At the end of 2003, Congress passed the Fair and Accurate Credit Transactions Act, or FACT Act, which requires financial institutions and creditors to create and maintain written programs for identifying “patterns, practices, and specific forms of activity that indicate the possible existence of identity theft.”

The definition of “financial institution” under that law includes not only the bank, savings and loan association and credit union, but also any business that “directly or indirectly holds a transaction account belonging to a consumer.”

The definition of “creditor” casts an even wider net. It includes any business that regularly extends, renews or continues credit and “any assignee of an original creditor who participates in the decision to extend, renew or continue credit.” Examples of creditors could include car dealerships, utility companies, mortgage brokers, or the proverbial catch-all — any business that directly or indirectly holds a transaction account belonging to a consumer.

In the FACT Act, Congress instructed the Federal Trade Commission and other banking industry regulators to establish guidelines to help businesses develop programs to spot the so-called “red flags” of identity theft.

After nearly four years of drafting, redrafting and public comment, the Comptroller of the Currency, Federal Reserve, FDIC, Office of Thrift Supervision, National Credit Union Administration, and FTC issued their final rules and guidelines last November. Although compliance is not required until Nov. 1, businesses are scrambling to develop or update their programs. Not surprisingly, several companies are touting products that assure compliance.
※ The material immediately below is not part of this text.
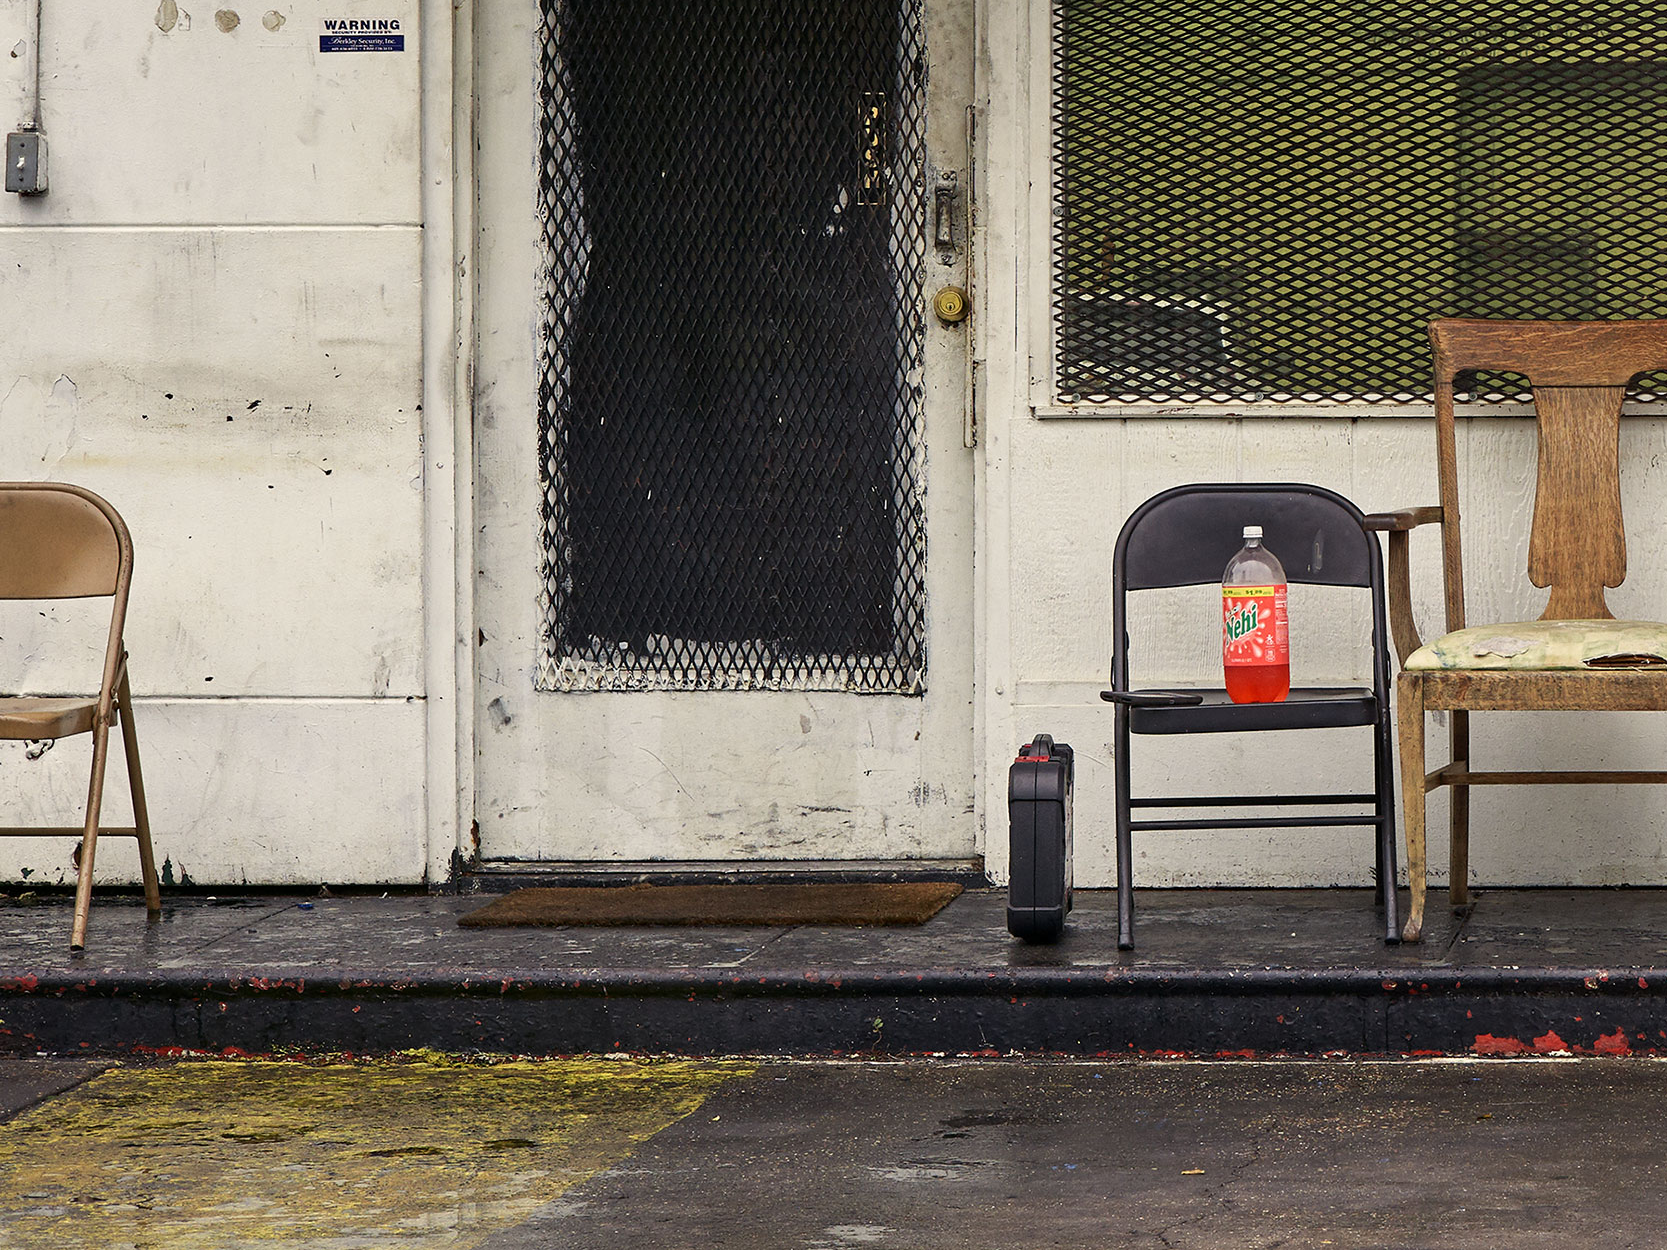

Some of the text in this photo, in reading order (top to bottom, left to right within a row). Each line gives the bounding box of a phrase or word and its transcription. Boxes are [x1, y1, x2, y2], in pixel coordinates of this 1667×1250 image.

With new rules come potential new pitfalls, and businesses of all types that maintain consumer credit information are right to be concerned about an uptick in litigation. Expect vigorous enforcement of these rules.
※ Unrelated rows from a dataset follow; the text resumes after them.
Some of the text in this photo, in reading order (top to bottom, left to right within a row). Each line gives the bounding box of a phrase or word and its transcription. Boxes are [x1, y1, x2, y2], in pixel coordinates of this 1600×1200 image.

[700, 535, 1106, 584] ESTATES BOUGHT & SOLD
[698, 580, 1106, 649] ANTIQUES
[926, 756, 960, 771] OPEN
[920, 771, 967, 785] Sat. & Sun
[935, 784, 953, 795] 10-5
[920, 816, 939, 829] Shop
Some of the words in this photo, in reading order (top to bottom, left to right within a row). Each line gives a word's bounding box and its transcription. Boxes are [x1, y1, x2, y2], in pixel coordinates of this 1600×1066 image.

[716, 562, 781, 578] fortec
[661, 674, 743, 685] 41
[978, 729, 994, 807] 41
The FTC, for example, expressly has established information security as a priority in its enforcement efforts. Indeed, even without the force and effect yet to come of the red flag rules, the FTC has already brought nearly two dozen complaints against businesses for “security deficiencies in protecting sensitive consumer information.” To date, it has done so under its general authority to prevent unfair competition and deceptive acts.

The Fundamentals

Although written identity theft programs are required only of businesses with “covered accounts,” all businesses bear the burden of assessing whether they offer or maintain such accounts.

Covered accounts are defined as those primarily for personal, family or household purposes that involve or are designed to permit multiple payments or transactions. Examples listed in the rules include credit cards, mortgages, auto loans, checking and savings accounts, and utility and cell phone accounts. Also considered covered accounts, however, are those accounts for which there is a “reasonably foreseeable risk to customers or to the safety and soundness of the financial institution or creditor.”

Notwithstanding their scope, the red flag rules allow businesses to tailor their programs to fit their own size and complexity. In addition, the programs may be established in the form of amendments to a business’ existing procedures.

Regardless of its level of sophistication, however, each program fundamentally must include means of identifying, detecting, and responding to red flags, as well as a system for its own periodic review and improvement. For one thing, the red flag rules require boards of directors, or board committees, to sign off on all initial plans. They also recommend policies and procedures for detecting red flags, such as verifying customer identity and monitoring account transactions.

Finally, the guidelines describe appropriate responses to red flags, including contacting the affected customer, changing security codes and notifying law enforcement personnel.

However helpful, the guidelines are only a start. Undoubtedly, it will be some time before either the agencies or the industry has a solid sense of what constitutes a strong yet workable theft prevention program.

In all likelihood, that understanding will be the product of both consensus and contention. Businesses should do their utmost, of course, to foster the former. A good faith effort to comply with the red flag rules is an essential start.

Jennifer Rossi is an associate in the business litigation practice group at Robinson & Cole in Hartford.